▶ _Exercise prompt_:
The records below must be repeated exactly, but without their pictures.

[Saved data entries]
______________________________

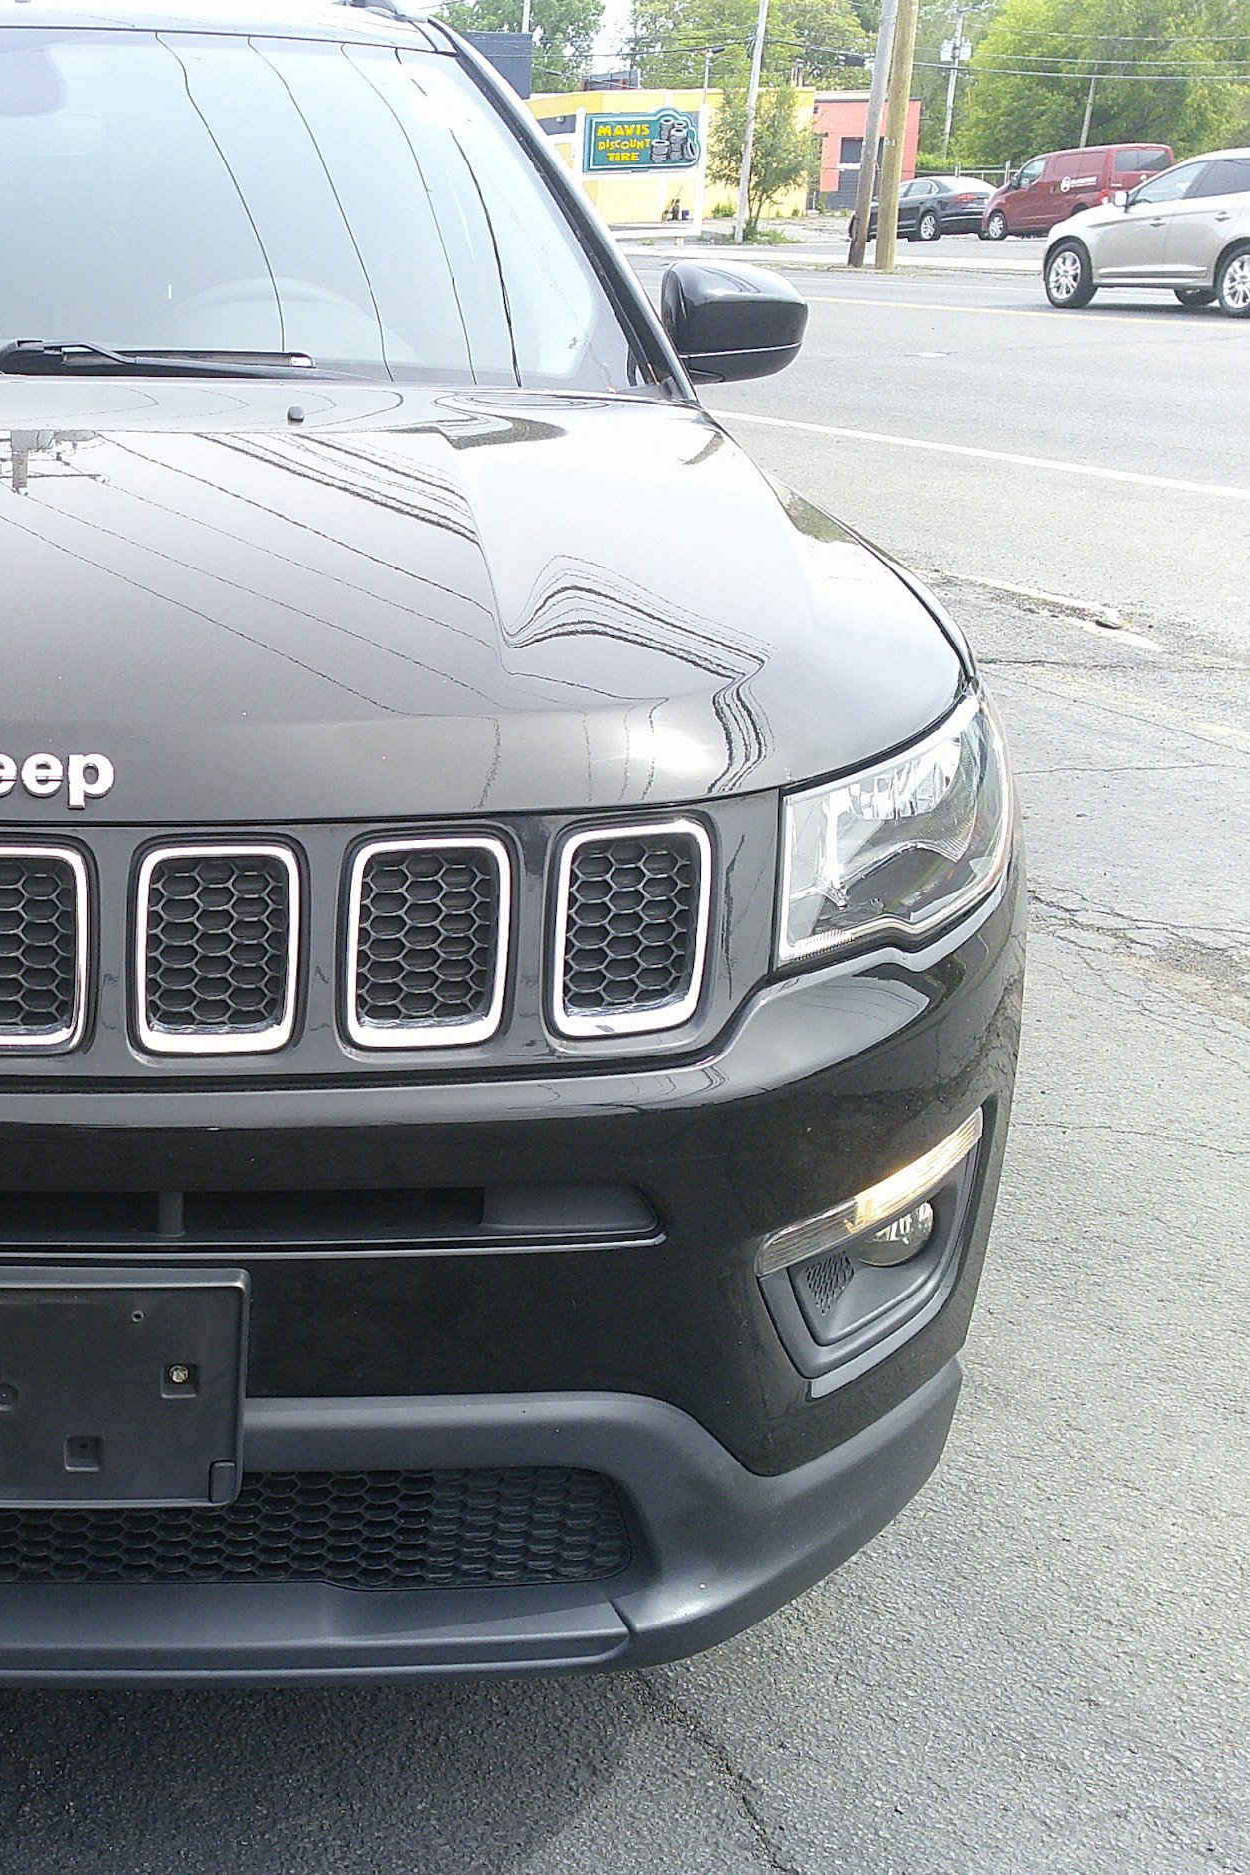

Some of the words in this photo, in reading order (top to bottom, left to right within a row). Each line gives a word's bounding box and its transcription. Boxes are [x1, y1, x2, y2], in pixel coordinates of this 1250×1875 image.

[597, 124, 650, 137] MAVIS
[597, 139, 651, 151] DISCOUNT
[607, 152, 640, 162] TIRE
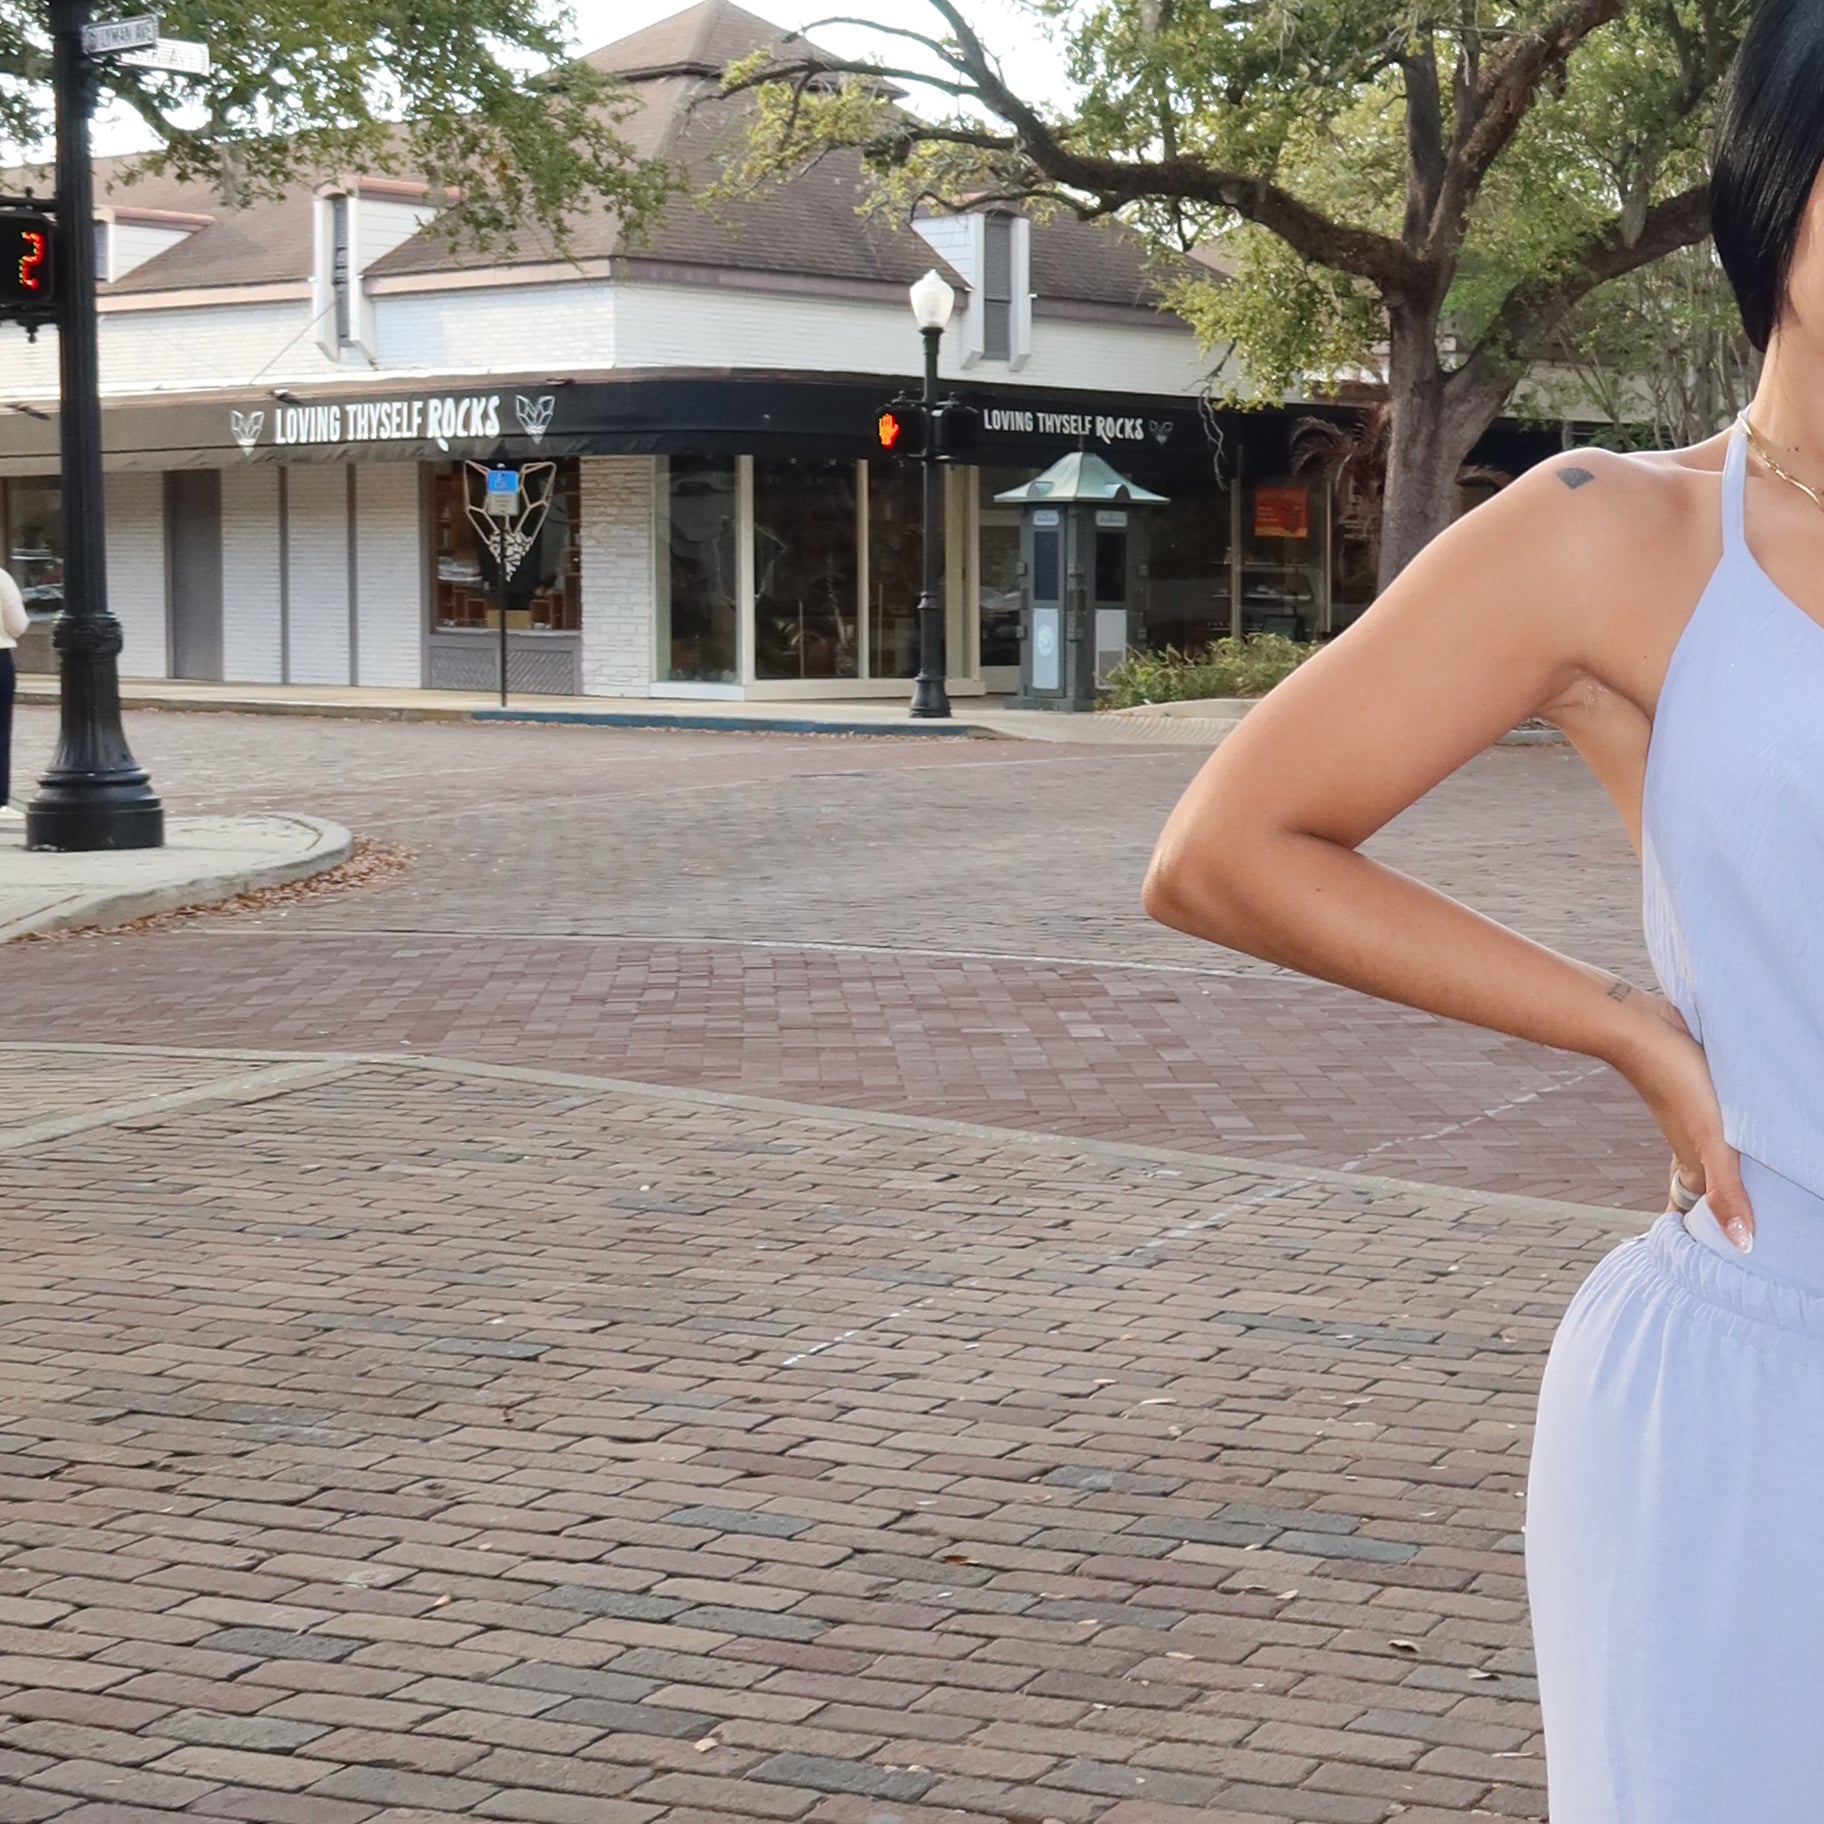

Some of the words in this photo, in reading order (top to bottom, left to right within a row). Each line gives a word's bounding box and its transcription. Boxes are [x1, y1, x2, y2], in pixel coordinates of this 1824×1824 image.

[19, 230, 45, 290] 2
[274, 405, 341, 445] LOVING
[345, 400, 423, 441] THYSELF
[426, 394, 501, 452] ROCKS
[983, 408, 1034, 434] LOVING
[1037, 411, 1093, 437] THYSELF
[1094, 415, 1145, 445] ROCKS

______________________________

▶ _Reply to the task_:
Some of the words in this photo, in reading order (top to bottom, left to right within a row). Each line gives a word's bounding box and its transcription. Boxes are [x1, y1, x2, y2], in pixel coordinates of this 1250×1875 image.

[597, 124, 650, 137] MAVIS
[597, 139, 651, 151] DISCOUNT
[607, 152, 640, 162] TIRE

Some of the words in this photo, in reading order (top to bottom, left to right within a row). Each line gives a word's bounding box and its transcription. Boxes are [x1, y1, x2, y2], in pixel coordinates of this 1824×1824 image.

[19, 230, 45, 290] 2
[274, 405, 341, 445] LOVING
[345, 400, 423, 441] THYSELF
[426, 394, 501, 452] ROCKS
[983, 408, 1034, 434] LOVING
[1037, 411, 1093, 437] THYSELF
[1094, 415, 1145, 445] ROCKS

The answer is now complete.